_What you will do_. Reproduce the lines below verbatim. Pictures are to be omitted.

_Dataset extract_.
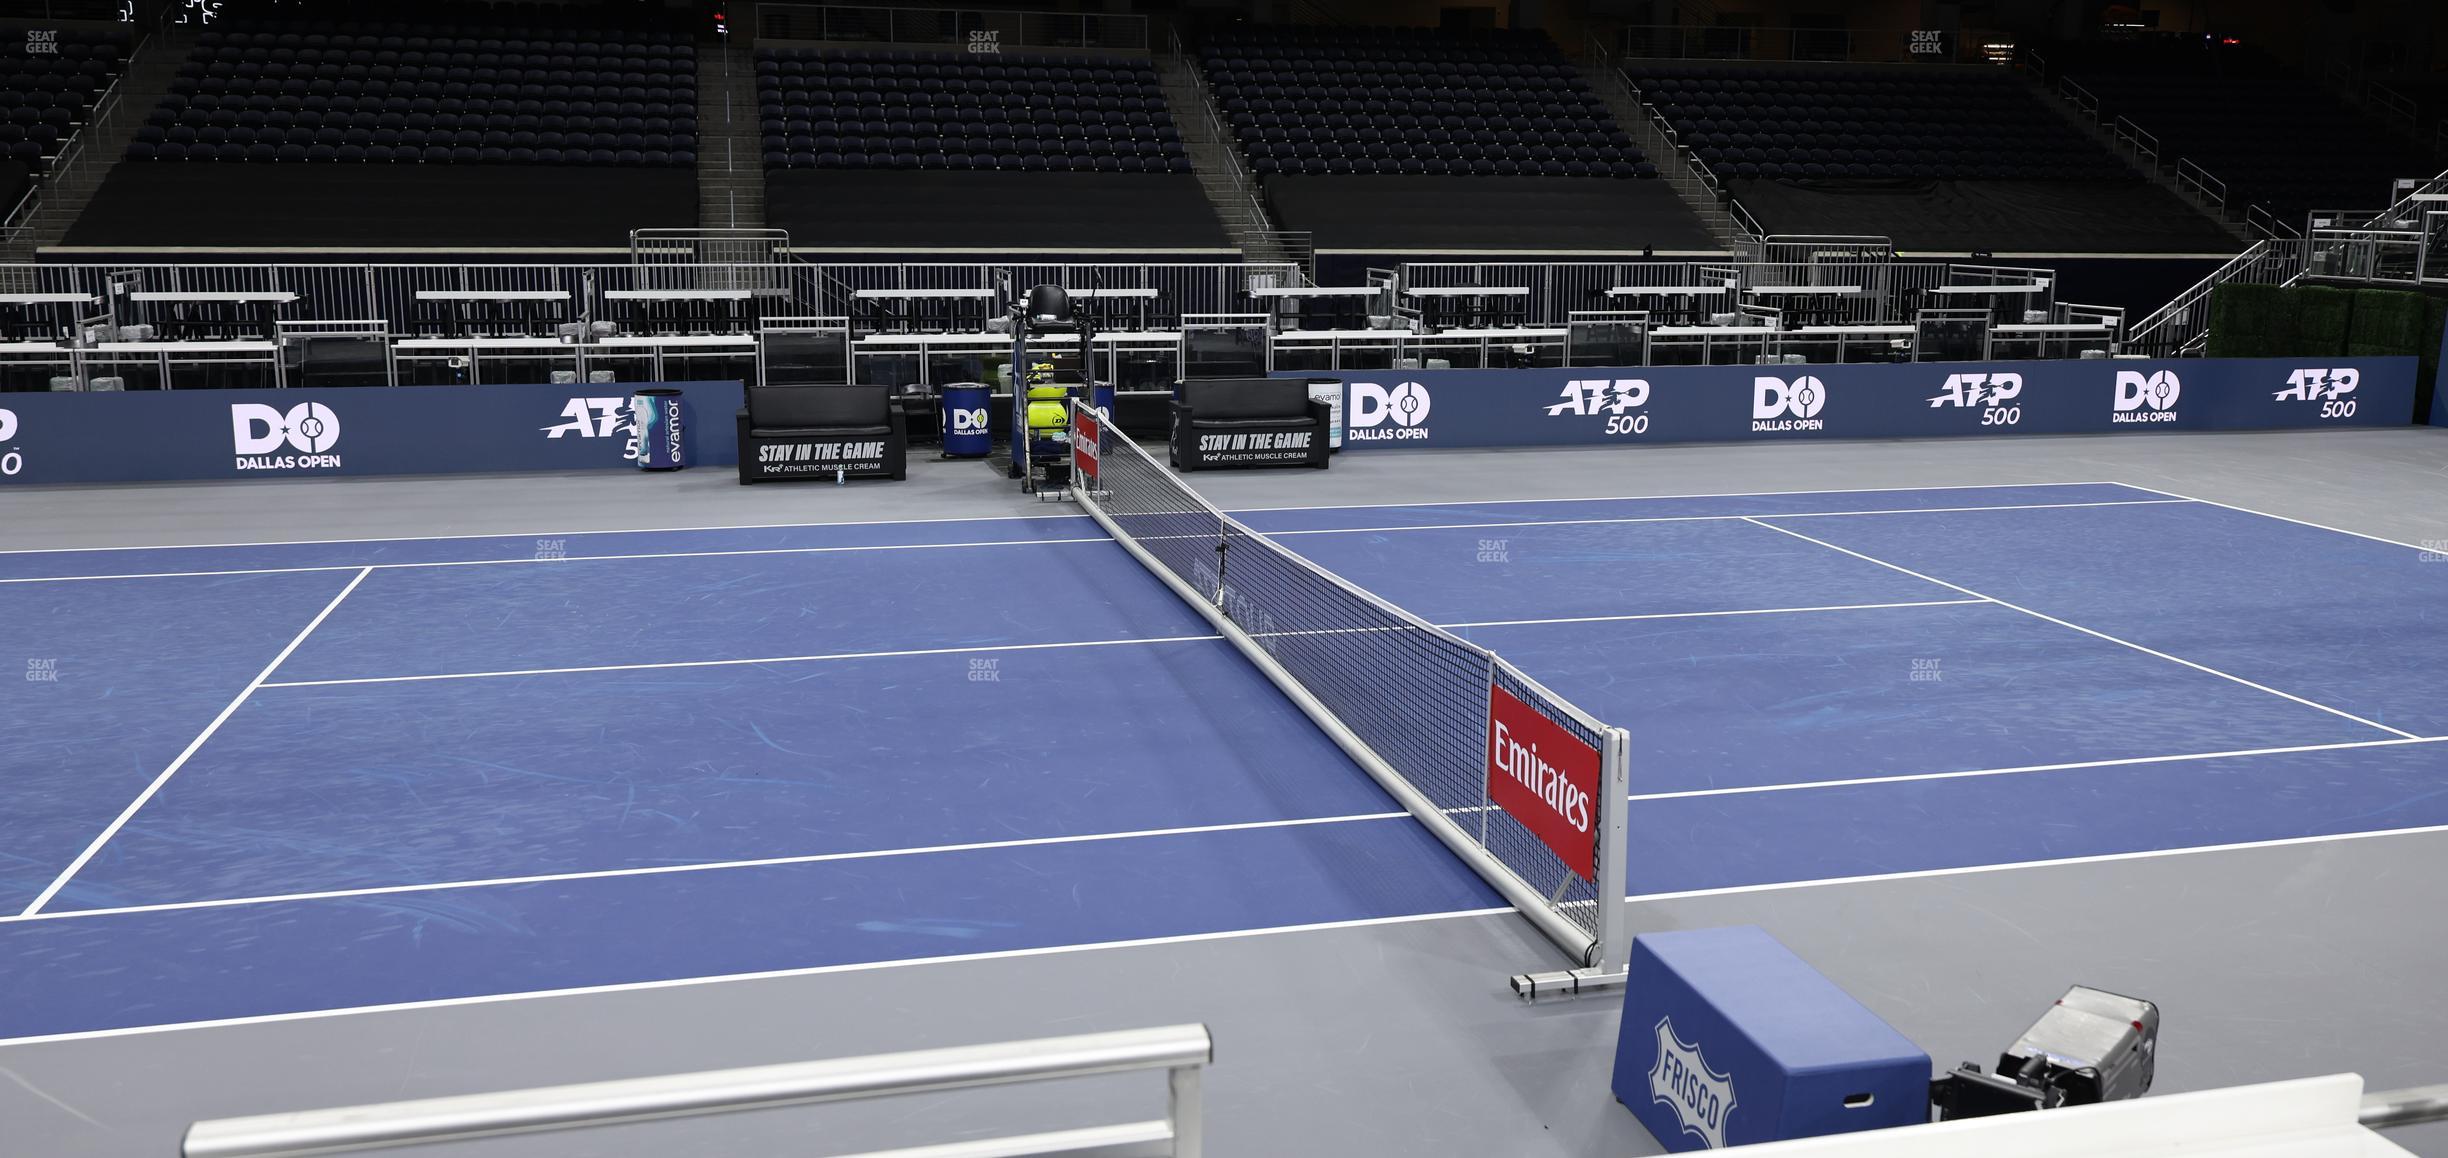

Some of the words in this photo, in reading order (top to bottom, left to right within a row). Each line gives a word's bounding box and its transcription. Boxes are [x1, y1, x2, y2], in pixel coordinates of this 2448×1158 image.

[1925, 373, 2023, 408] ATP
[2272, 368, 2360, 401] ATP
[1542, 379, 1650, 416] ATP
[1981, 407, 2020, 425] 500
[2113, 412, 2148, 423] DALLAS
[2150, 412, 2176, 422] OPEN
[2320, 400, 2356, 418] 500
[668, 400, 681, 462] evamor
[1349, 429, 1393, 440] DALLAS
[1396, 428, 1428, 439] OPEN
[1605, 415, 1649, 434] 500
[1752, 421, 1792, 431] DALLAS
[1793, 420, 1823, 430] OPEN
[1076, 427, 1098, 461] Emirates
[1199, 434, 1231, 451] STAY
[1231, 434, 1247, 450] IN
[1249, 433, 1273, 450] THE
[1274, 432, 1312, 449] GAME
[759, 444, 794, 462] STAY
[795, 444, 812, 460] IN
[814, 443, 841, 460] THE
[842, 442, 885, 459] GAME
[236, 456, 295, 470] DALLAS
[298, 455, 341, 468] OPEN
[1494, 719, 1589, 833] Emirates
[1662, 1048, 1719, 1131] FRISCO

_Task solution_.
Some of the words in this photo, in reading order (top to bottom, left to right within a row). Each line gives a word's bounding box and its transcription. Boxes are [x1, y1, x2, y2], in pixel coordinates of this 2448×1158 image.

[1925, 373, 2023, 408] ATP
[2272, 368, 2360, 401] ATP
[1542, 379, 1650, 416] ATP
[1981, 407, 2020, 425] 500
[2113, 412, 2148, 423] DALLAS
[2150, 412, 2176, 422] OPEN
[2320, 400, 2356, 418] 500
[668, 400, 681, 462] evamor
[1349, 429, 1393, 440] DALLAS
[1396, 428, 1428, 439] OPEN
[1605, 415, 1649, 434] 500
[1752, 421, 1792, 431] DALLAS
[1793, 420, 1823, 430] OPEN
[1076, 427, 1098, 461] Emirates
[1199, 434, 1231, 451] STAY
[1231, 434, 1247, 450] IN
[1249, 433, 1273, 450] THE
[1274, 432, 1312, 449] GAME
[759, 444, 794, 462] STAY
[795, 444, 812, 460] IN
[814, 443, 841, 460] THE
[842, 442, 885, 459] GAME
[236, 456, 295, 470] DALLAS
[298, 455, 341, 468] OPEN
[1494, 719, 1589, 833] Emirates
[1662, 1048, 1719, 1131] FRISCO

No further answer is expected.